When I hesitated, she said, “Don’t worry. I won’t throw paint on it. For one thing, that would make it a genuine Racine. At least in the minds of some critics. I’ll give you my verdict at dinner.”
“I’d hoped to be back in Santa Fe by then,” I said ungraciously. “Nonsense. It will be dark soon. You don’t want to drive that road in the dark. You can get a room for the night at the cantina. We dine at eight.”
3
I looked for Jose outside the studio, but he wasn’t there. Without him, I was hesitant to reenter the house. I circled it instead, passing several dormant garden patches connected by stone-lined irrigation ditches that looked as old as the adobe walls.

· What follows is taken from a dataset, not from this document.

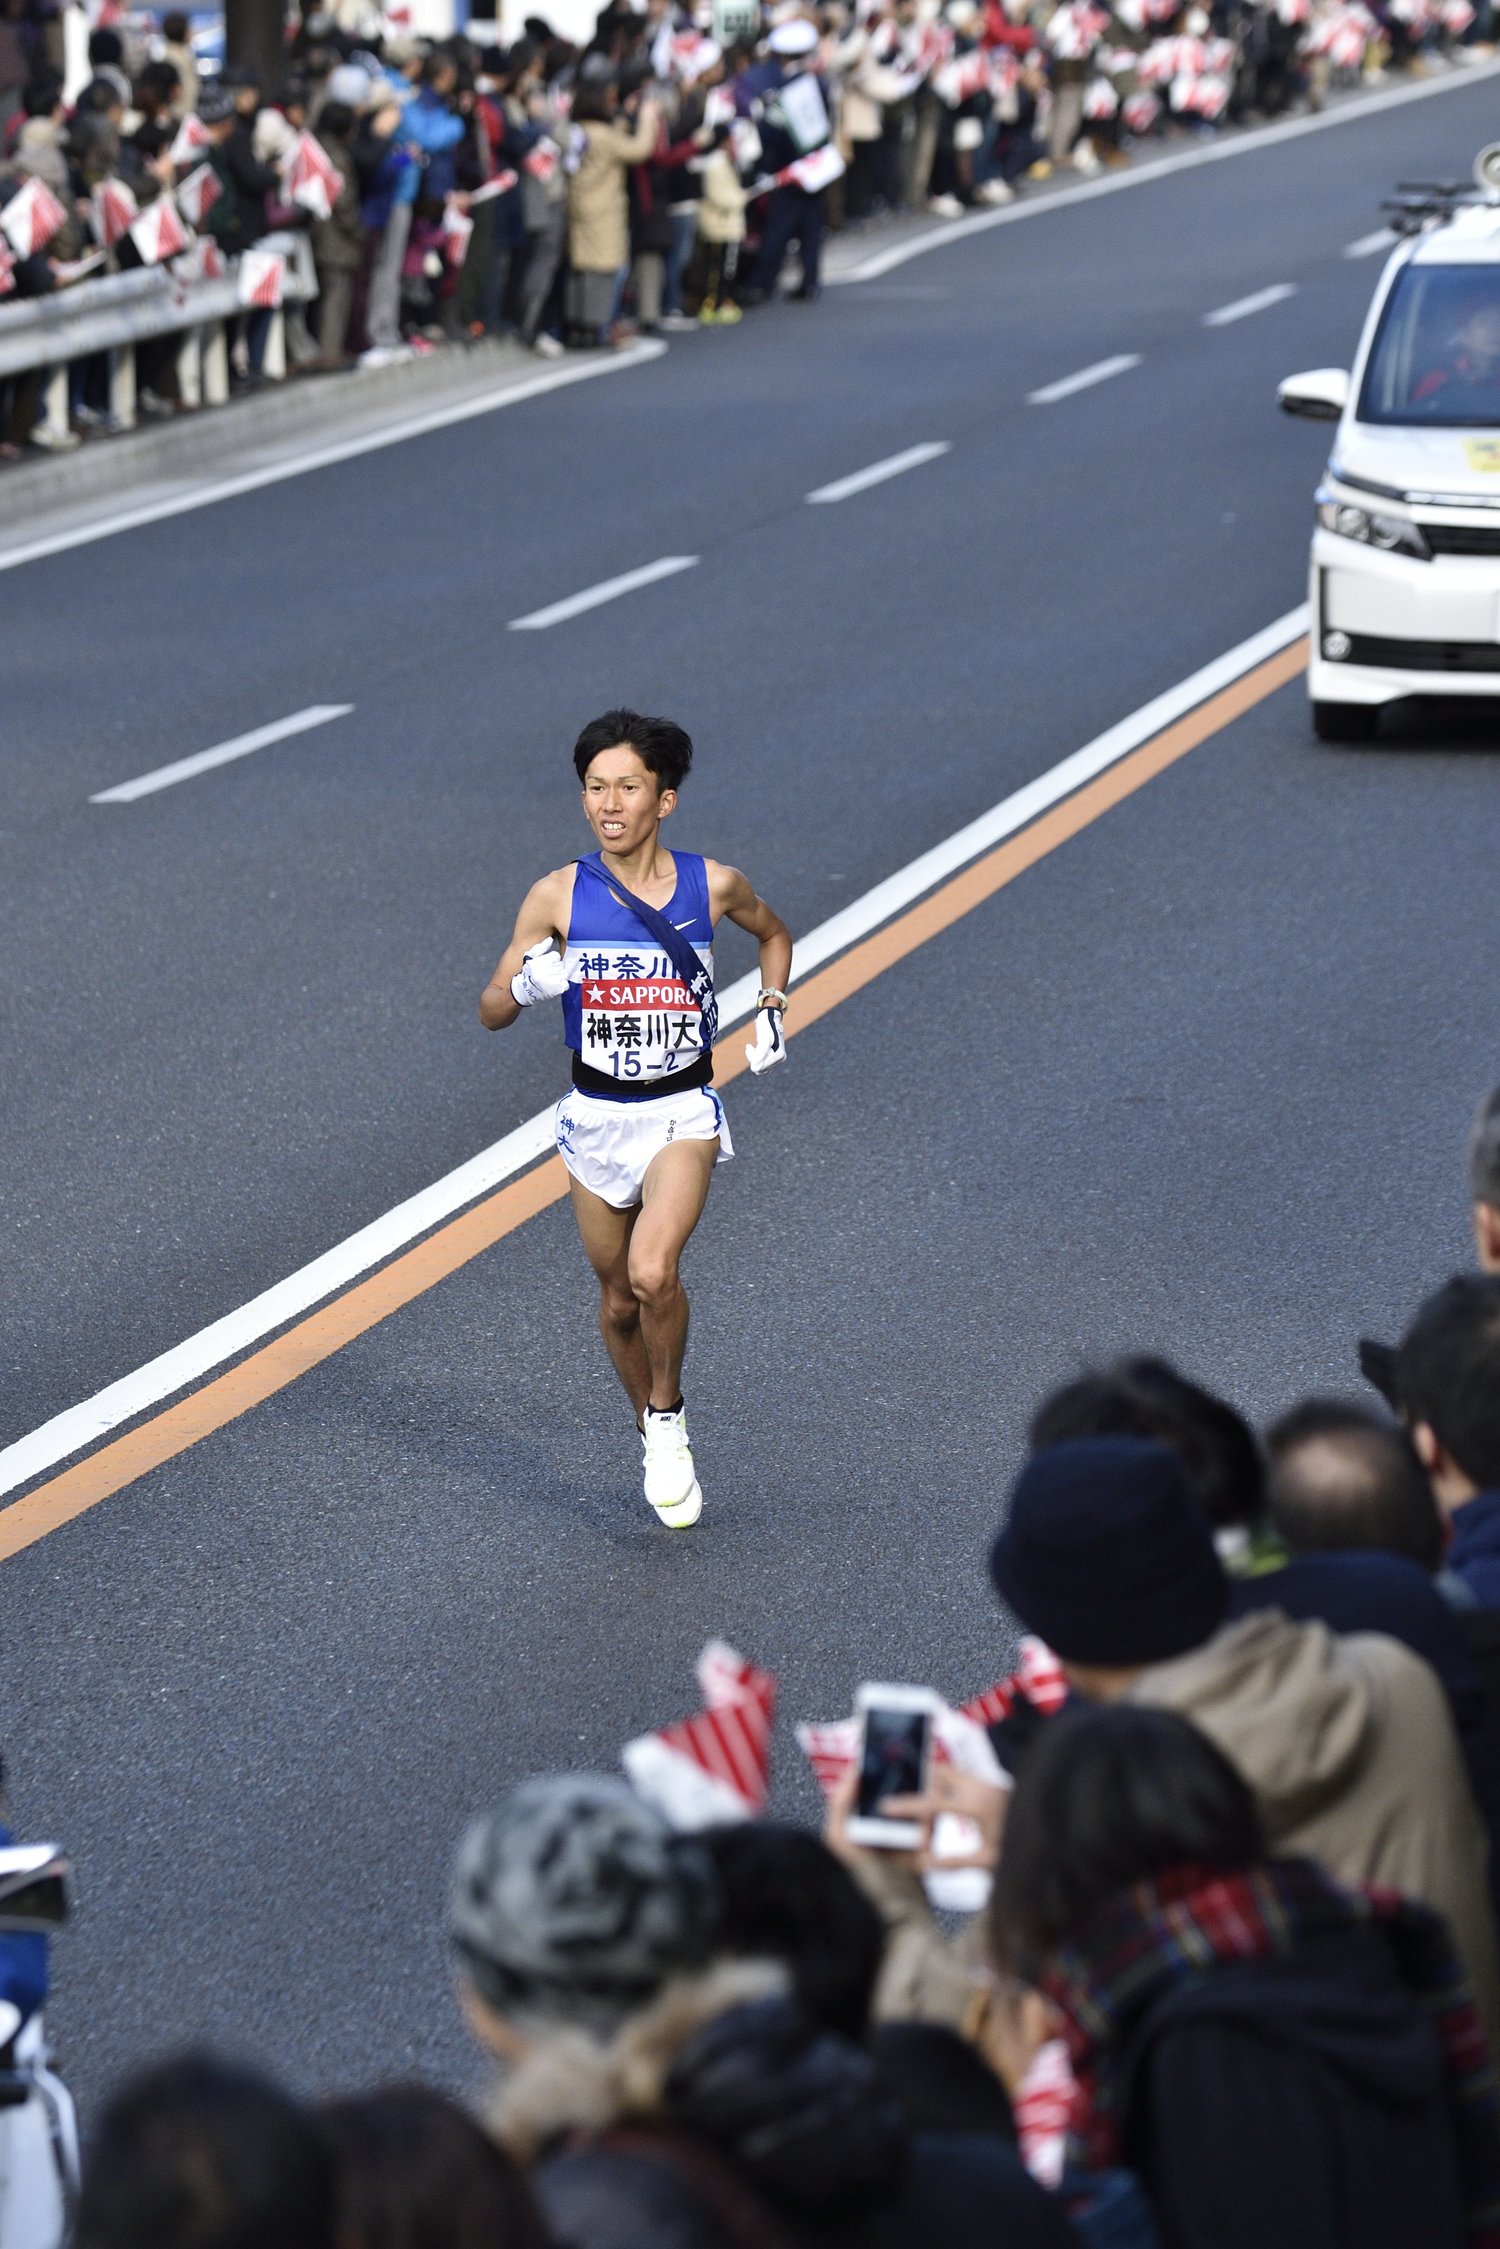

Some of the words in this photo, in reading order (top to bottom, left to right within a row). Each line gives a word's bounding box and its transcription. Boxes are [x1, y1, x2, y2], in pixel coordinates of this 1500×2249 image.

[586, 1012, 698, 1050] 神奈川大
[608, 1050, 680, 1077] 15-2
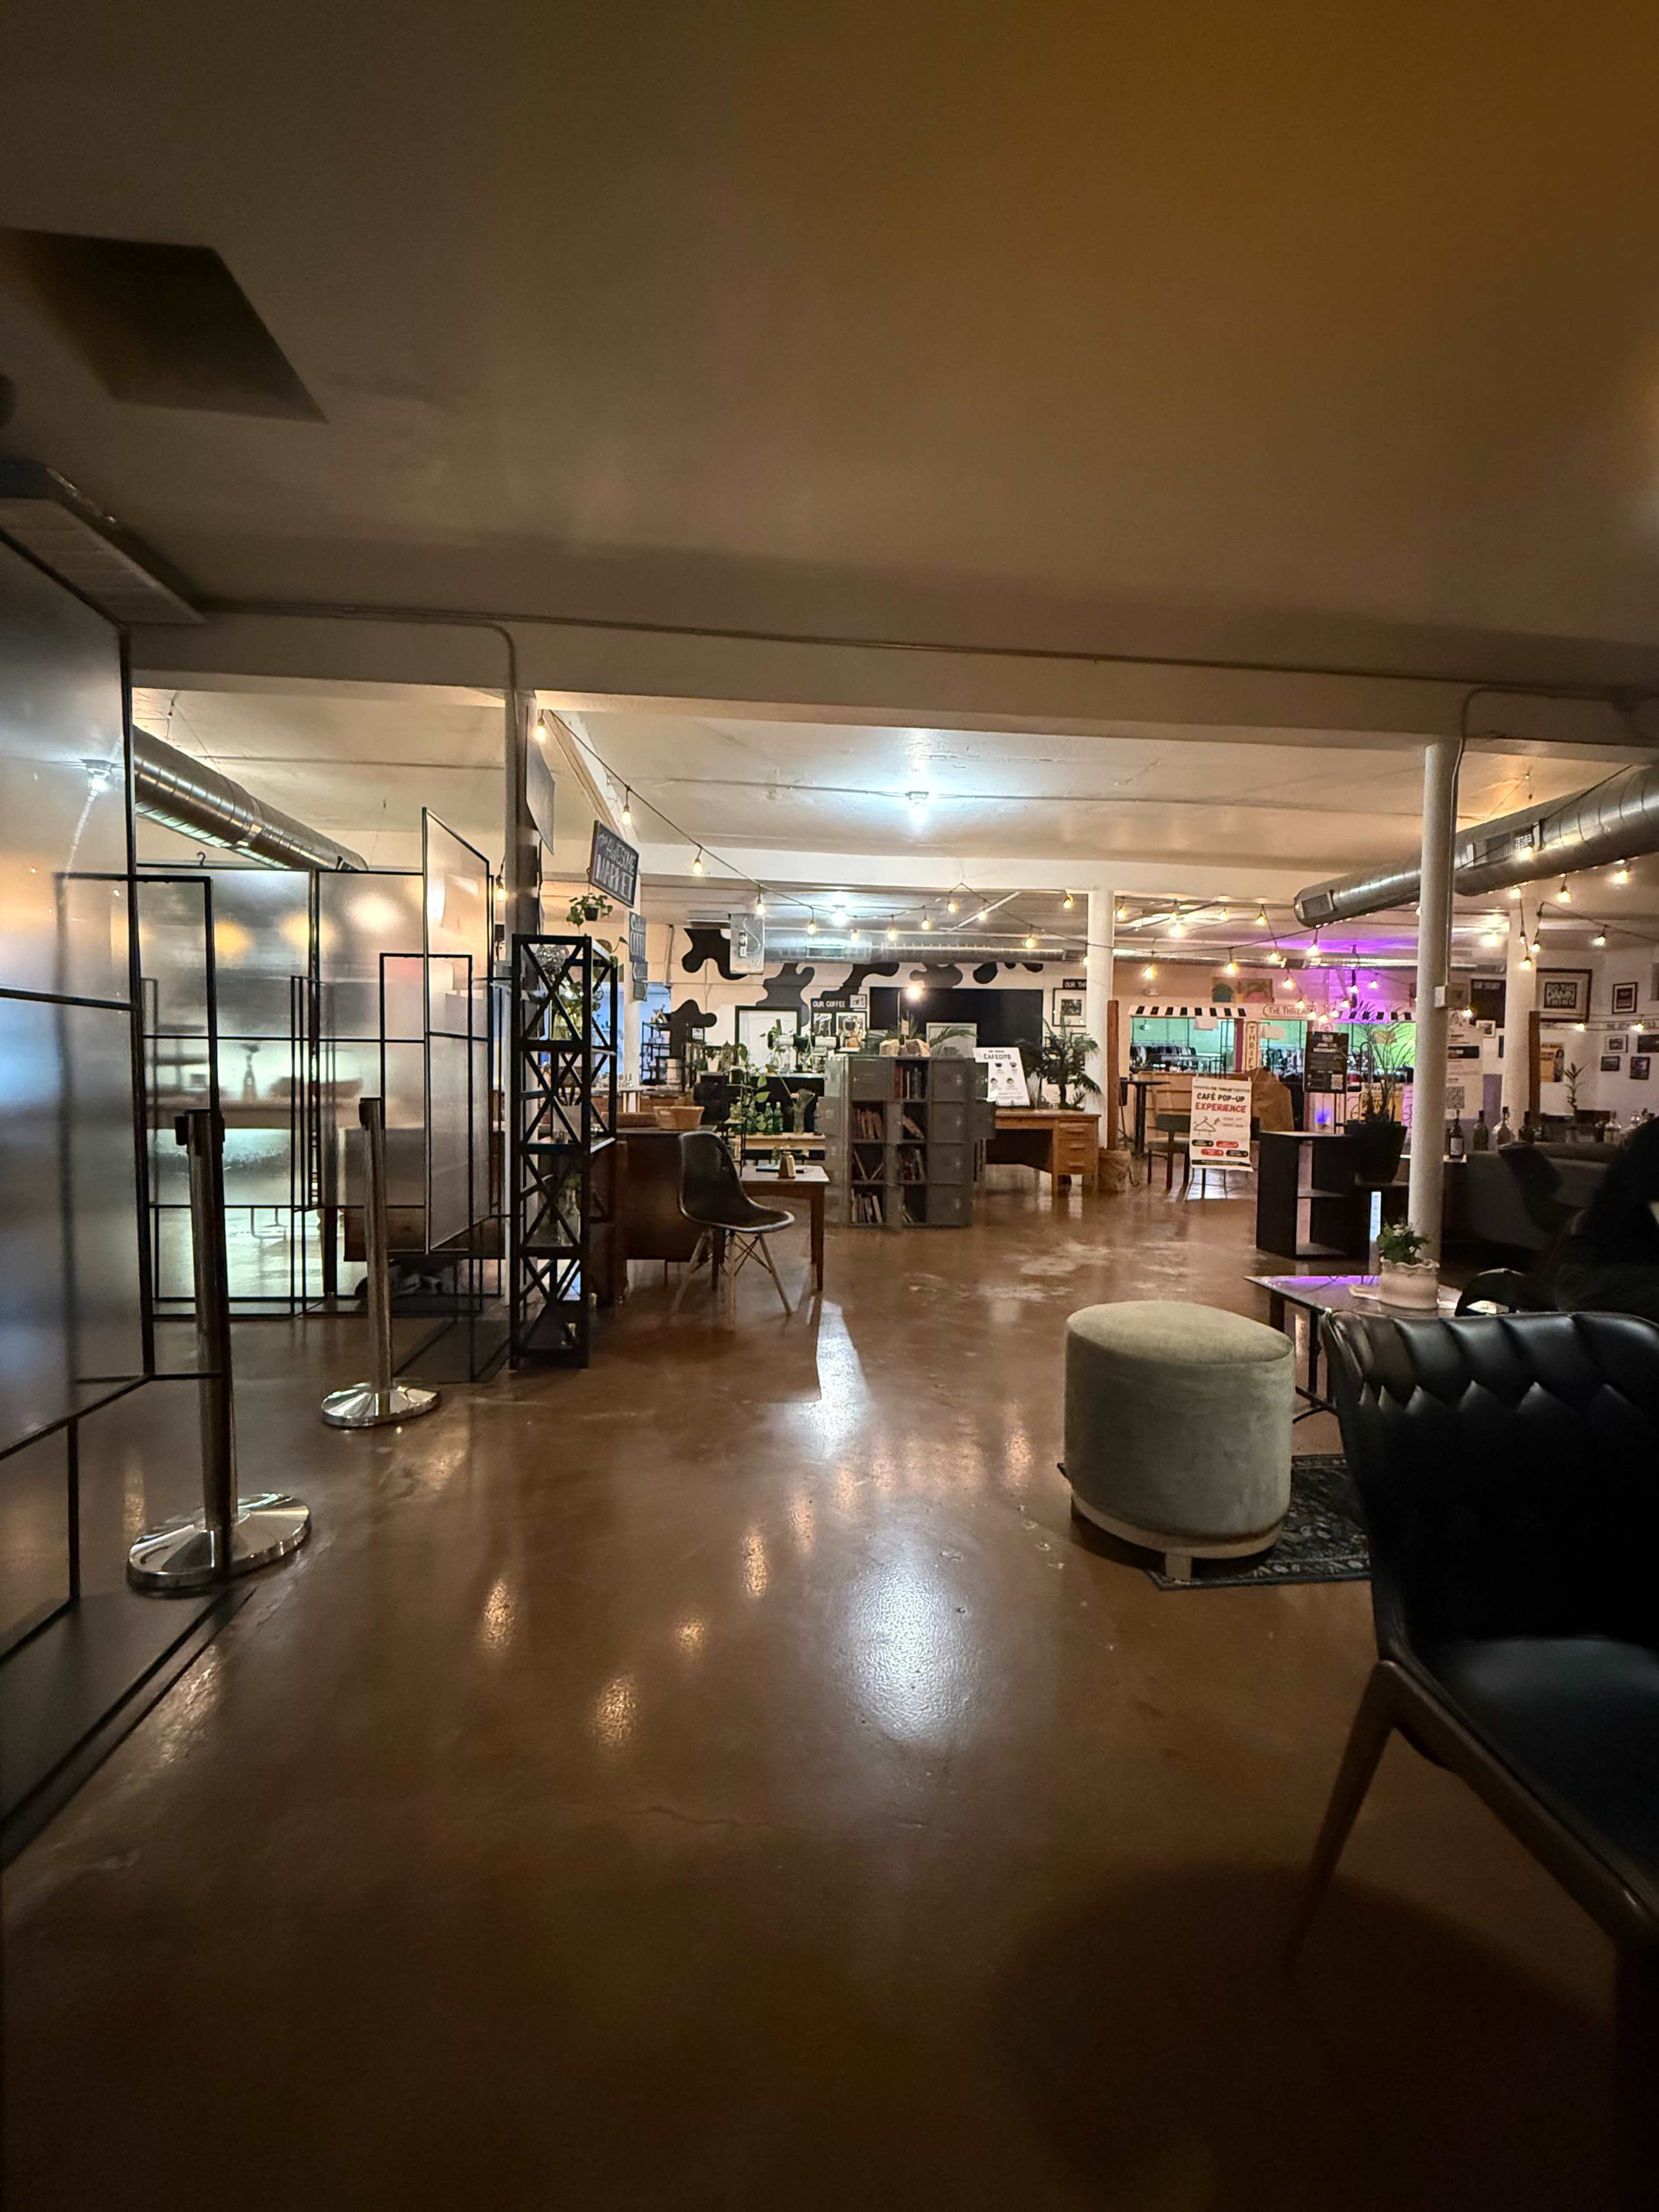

I made a left when those walls turned and entered the grove of trees I’d admired as I’d parked the Ford. As soon as I did, I spotted Jose standing near the trunk of the tallest oak. With him was a young woman who, for looks and coloring, might have been his sister. Might have been, except for the way he was holding her, which was tightly enough to knock her bright red shawl off her bare shoulders.
I altered course toward the setting sun to give the couple back a little of their privacy. As I did, Jose nodded to me, nervously. The woman just stared me down, imperious, though all of eighteen.
The Lost Mine Cantina had a room ready and waiting for me, having been forewarned by Jose, who had actually flashed the proprietor Torrance Beaumont’s telegram. My host’s name was Reyes, and he pumped me for information about Beaumont and other Hollywood lights while I sat at the cantina’s bar. I was content to be pumped, since Reyes’s beer was ice cold and I was waiting for a long-distance call to Ella to go through on the Lost Mine’s — and Agujero’s — only telephone. Besides which, Reyes was pushing fifty, and the stars he asked about were the ones I was fondest of, the ones who’d been big when I’d first hit Hollywood in the thirties.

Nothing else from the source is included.